In the 1980s the WCC called all nuclear powers to freeze testing, production
and deployment of nuclear weapons and reduce all nuclear weapons stocks.
Our most recent actions came during the mandate of your Commission. When
the Commission speaks, there is considerable harmony with our policies on no
WMD use by states or by non-state actors, on new weapons systems, on stopping
proliferation and achieving elimination.

Just three months ago, the most recent WCC assembly stated that "in the
nuclear age God… has granted humanity many days of grace". The assembly said
one shared principle of world religions applies to all weapons of mass destruction
and is "stronger than any ‘balance of terror'… [namely, if] we do not want nuclear
weapons used against us, our nation cannot use nuclear weapons against others."
The assembly also urged churches to "raise awareness in [younger] generations
with no memory of what [nuclear] weapons do". It recommended much greater
international support for disarmament and compliance mechanisms including the
IAEA.

In the work of the WMD Commission and in the report's title, "Weapons of
Terror", we find sobering and necessary realism. But we also notice a spirit of
courage and possibility, and encouragement for people to dedicate themselves to
non-proliferation and disarmament.

There is appreciation of civil society as a constituency for arms control and of
an educated public as a force for change.

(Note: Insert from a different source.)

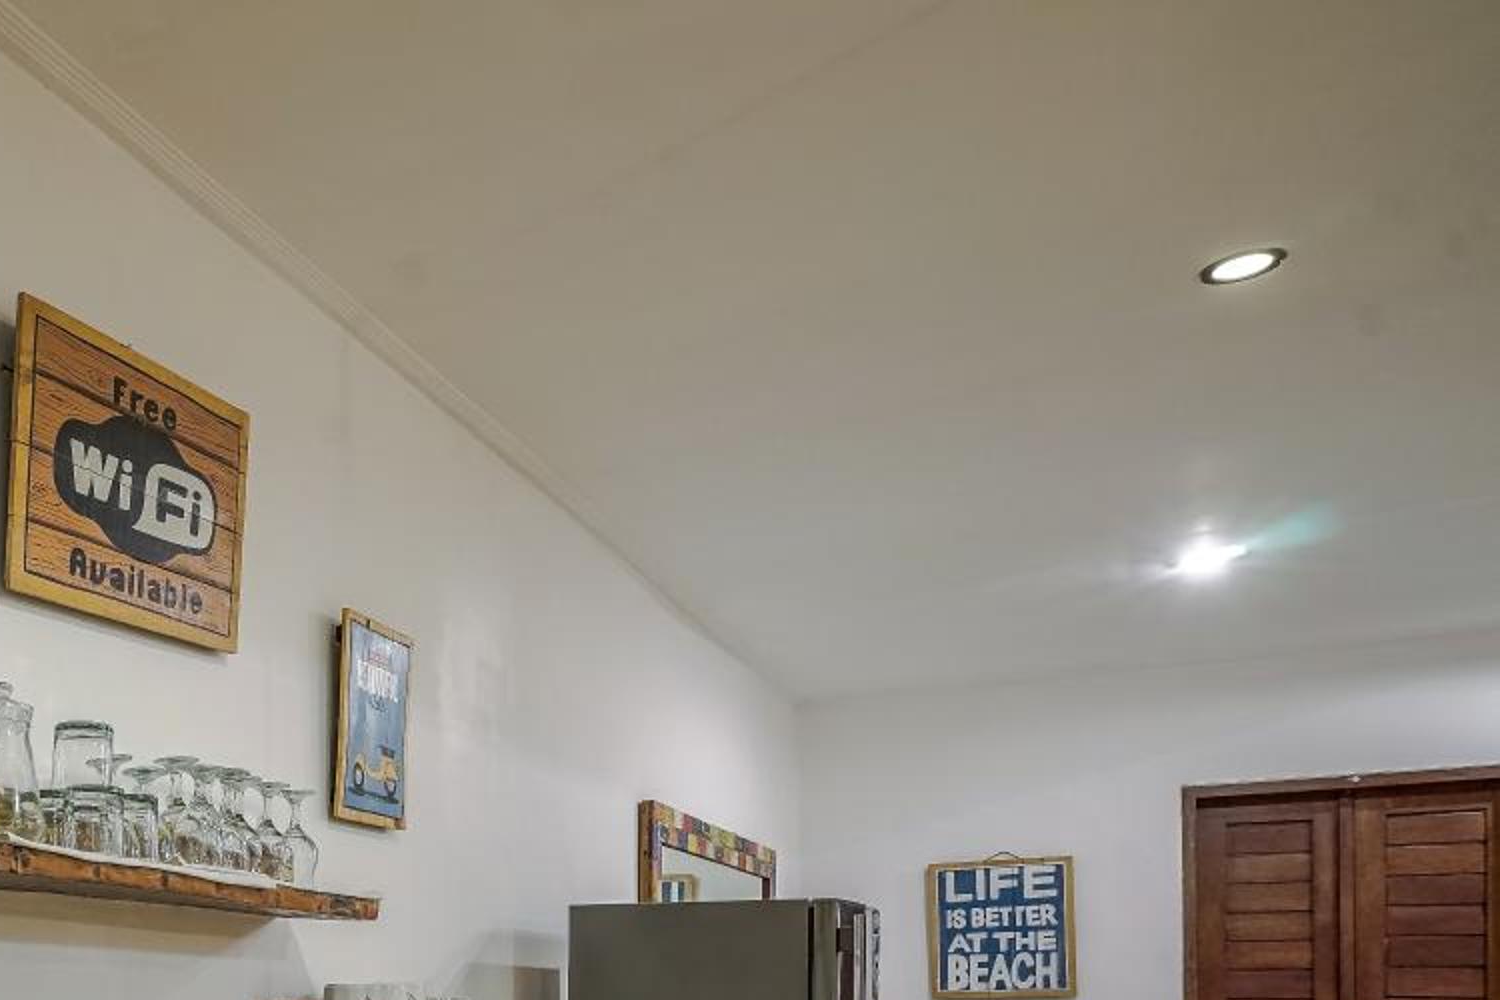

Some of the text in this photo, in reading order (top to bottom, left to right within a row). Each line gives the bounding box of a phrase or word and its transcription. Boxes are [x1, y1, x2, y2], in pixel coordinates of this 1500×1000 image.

The word ‘hope' appears six times in the document - half of them in your
Chairman's preface. And amid troubling trends and dangerous doctrines, the
Commission consistently lifts up the efforts of those who keep hope alive.

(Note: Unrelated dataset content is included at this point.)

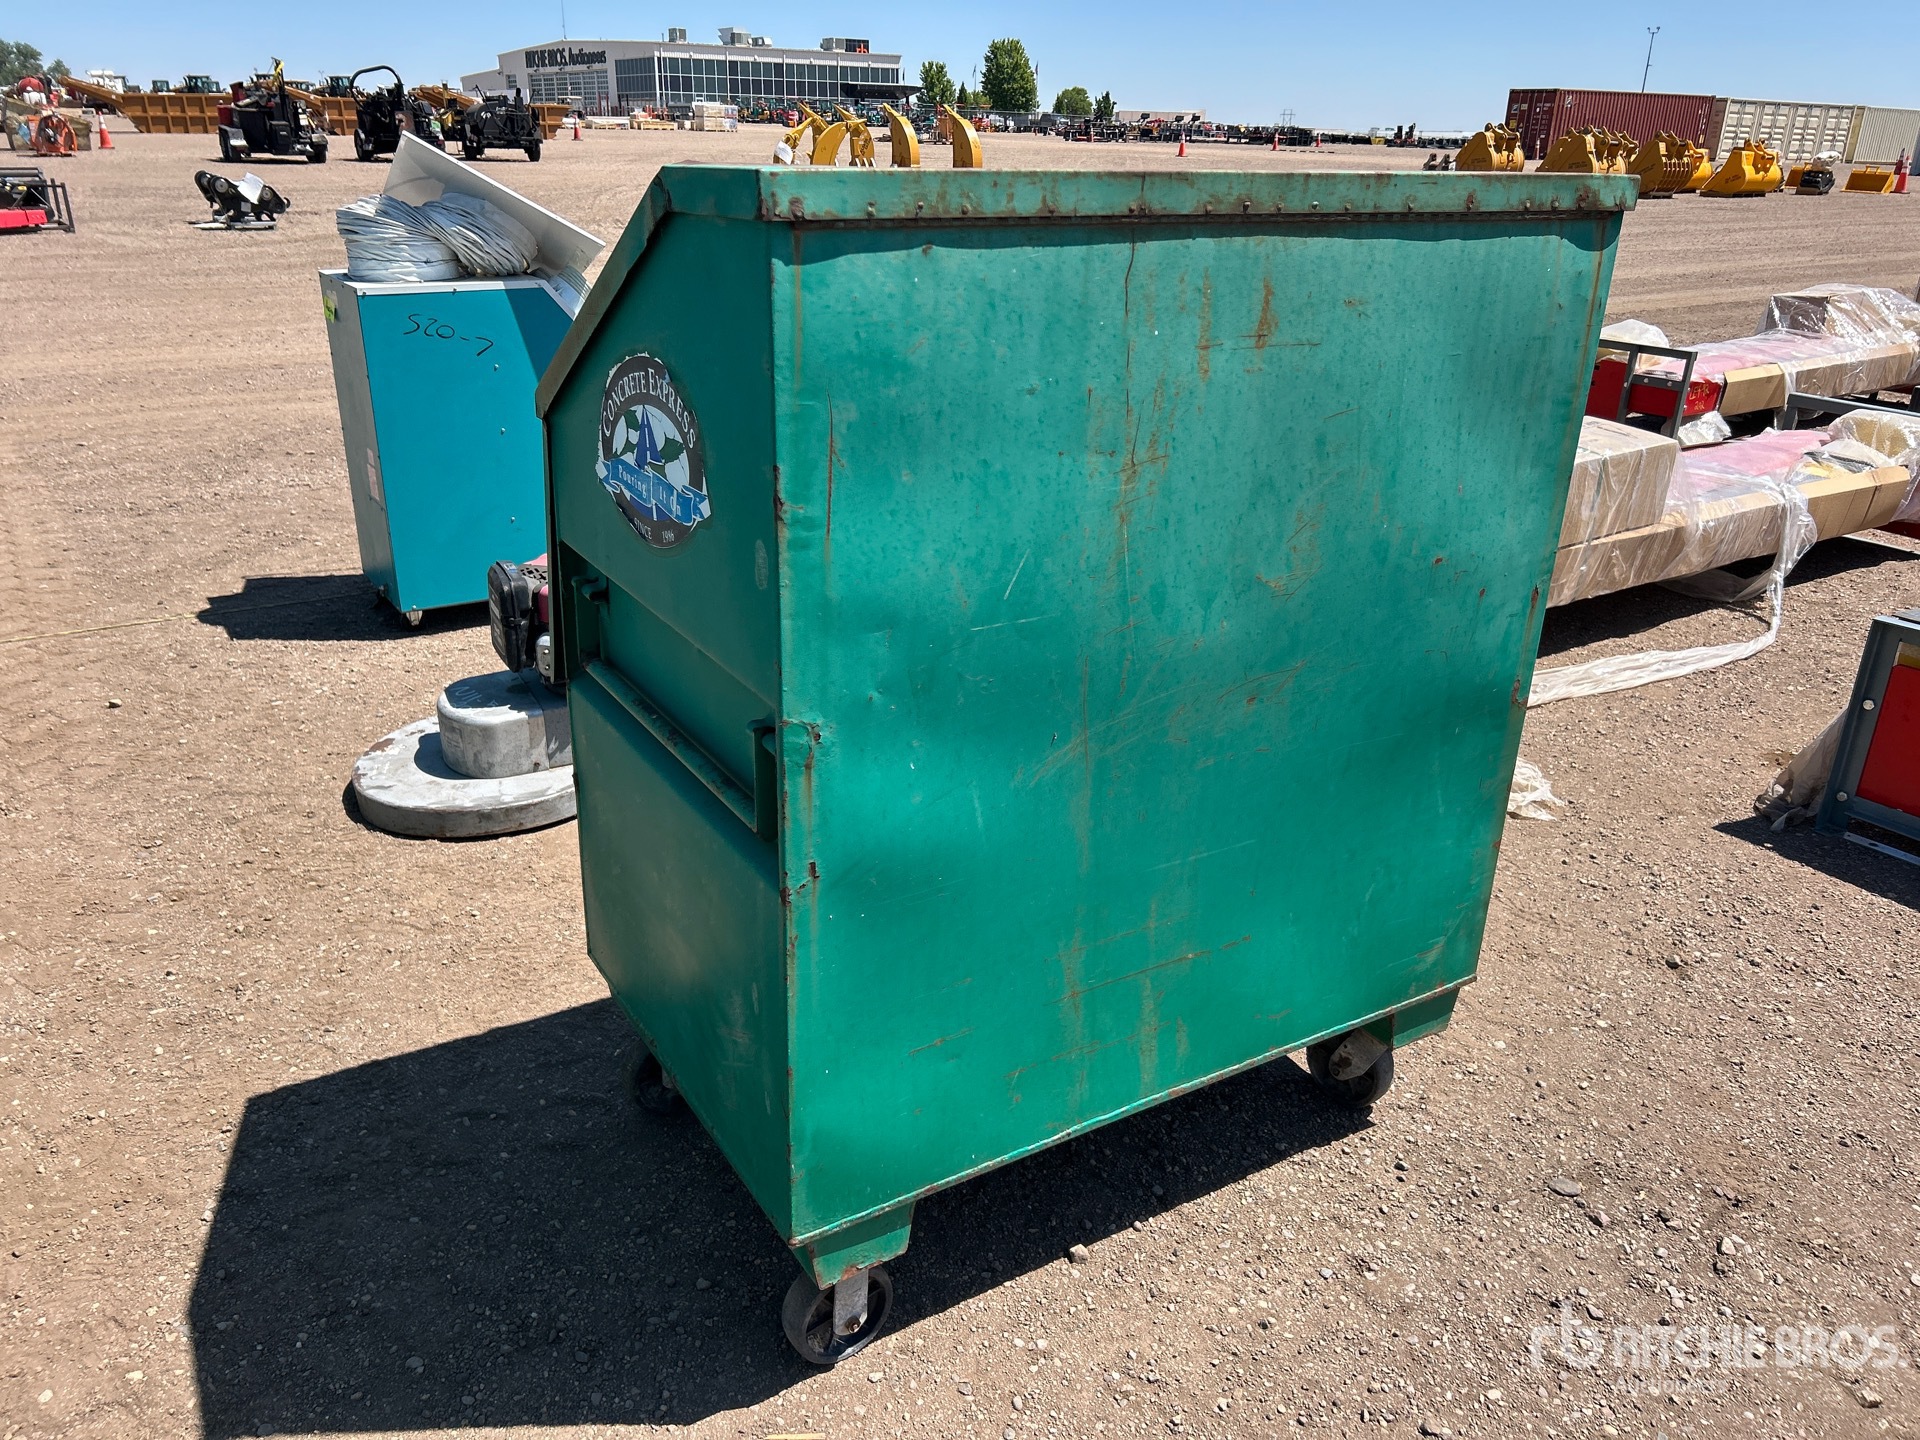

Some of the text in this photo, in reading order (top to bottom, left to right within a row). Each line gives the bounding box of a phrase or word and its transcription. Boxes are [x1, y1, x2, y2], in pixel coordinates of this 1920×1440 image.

[602, 367, 696, 449] CONCRETE EXPRESS
[618, 464, 647, 499] Pouring
[633, 517, 652, 540] SINCE

The Commission is a state-supported disarmament initiative and in this we
see a link. This house owes much to the international commitment, the unflagging
partnership and the unstinting generosity of the church in your country, the
Church of Sweden. We see a link between the global ecumenical commitment of
the Church of Sweden and the global security commitment of the Government
of Sweden. For its sponsorship at this time in history of a Commission on weapons
of mass destruction, we offer heartfelt thanks for your government's action.

We will receive this report on behalf of the hundreds of millions of members
in the churches of the WCC. They are parishioners but also citizens in 150 different
countries around the world, including the countries of the WMD Commissioners.

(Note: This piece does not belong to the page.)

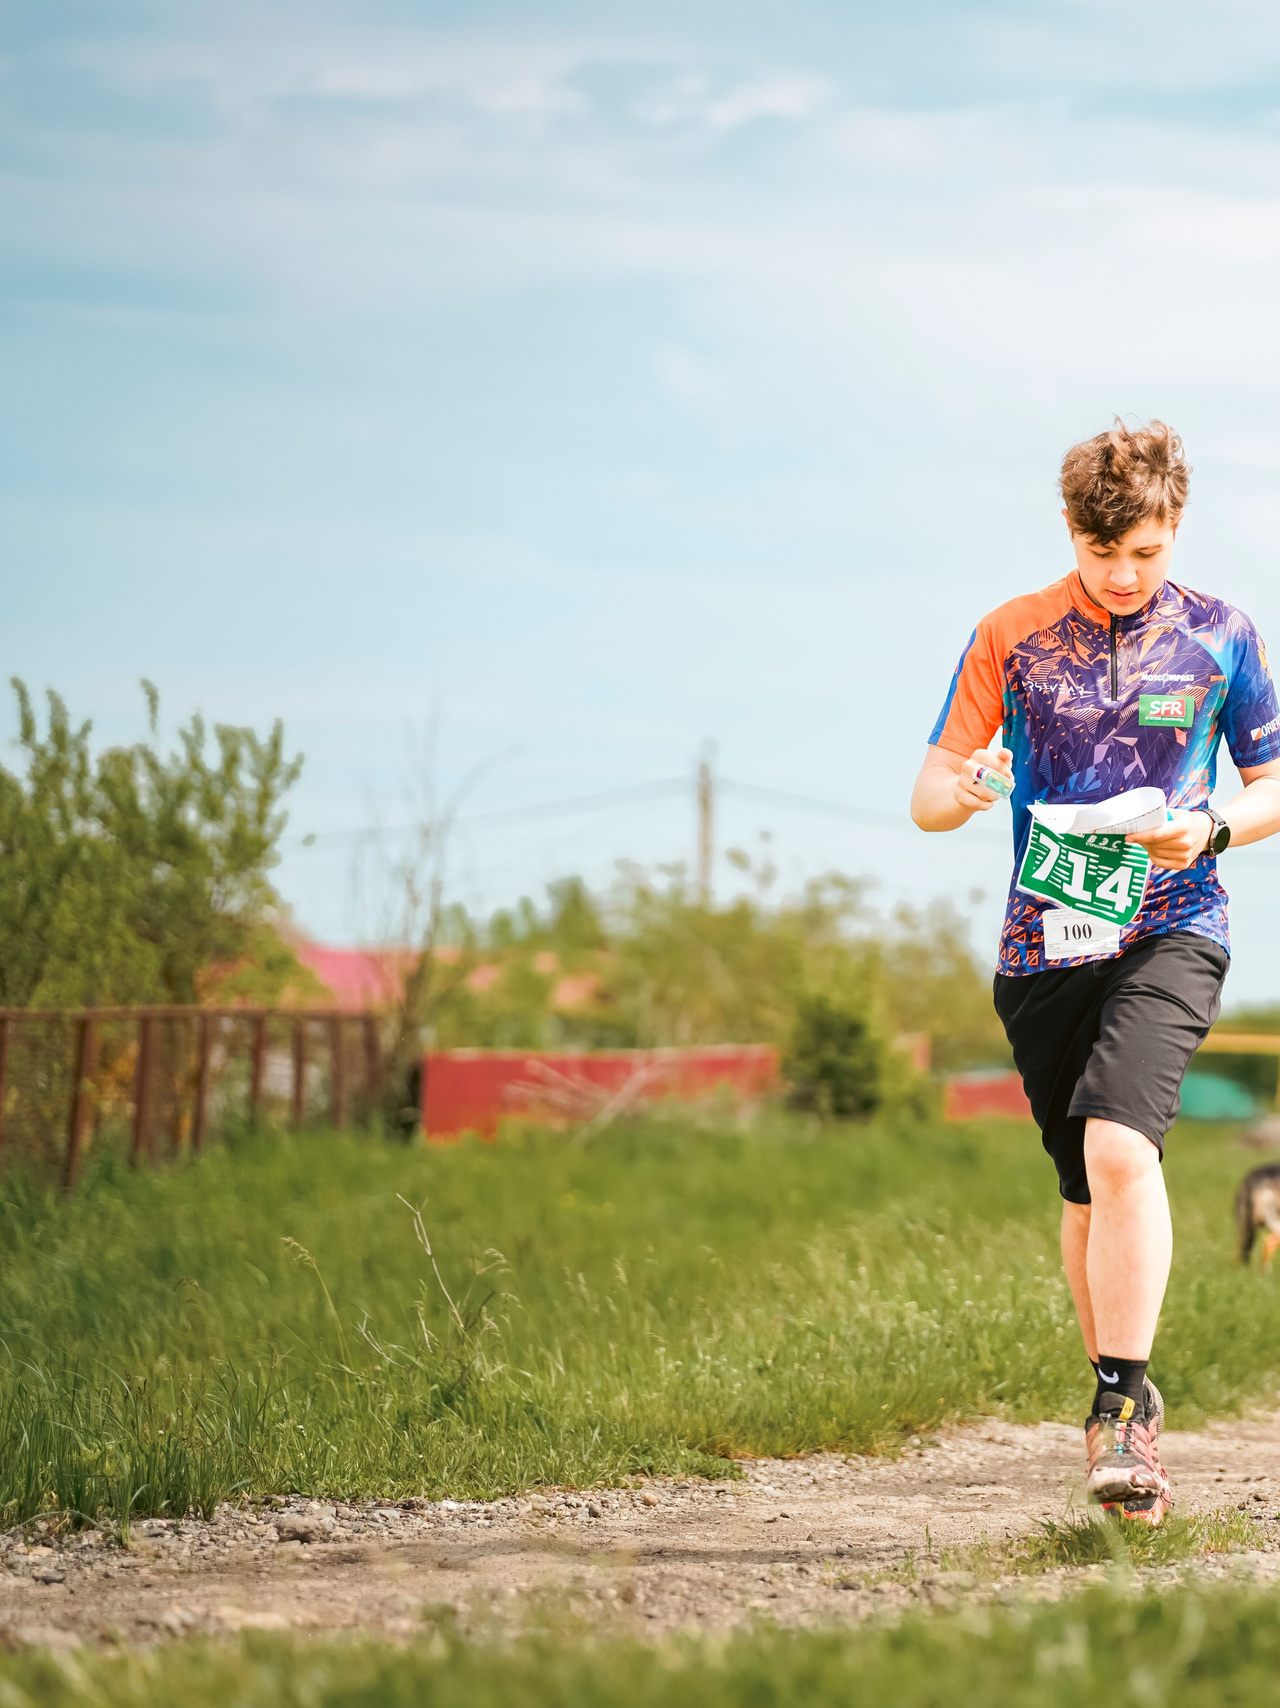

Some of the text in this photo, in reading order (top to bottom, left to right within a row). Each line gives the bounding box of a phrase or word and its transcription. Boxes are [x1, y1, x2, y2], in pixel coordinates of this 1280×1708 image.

There is enduring commitment within churches to mobilize ethical, spiritual
and political energy to meet the new challenges posed by weapons of mass destruction.

Our strength in working against nuclear and other weapons has been to
seek unity. When the churches can speak in unity they make a difference.

Welcome to you and to members of the Commission staff. Your report has
implications for the world and we will affirm its message in churches around the
world.

Thank you for your visit and for the Commission's work. We pray that God
may bless these efforts in good time and with good fruit.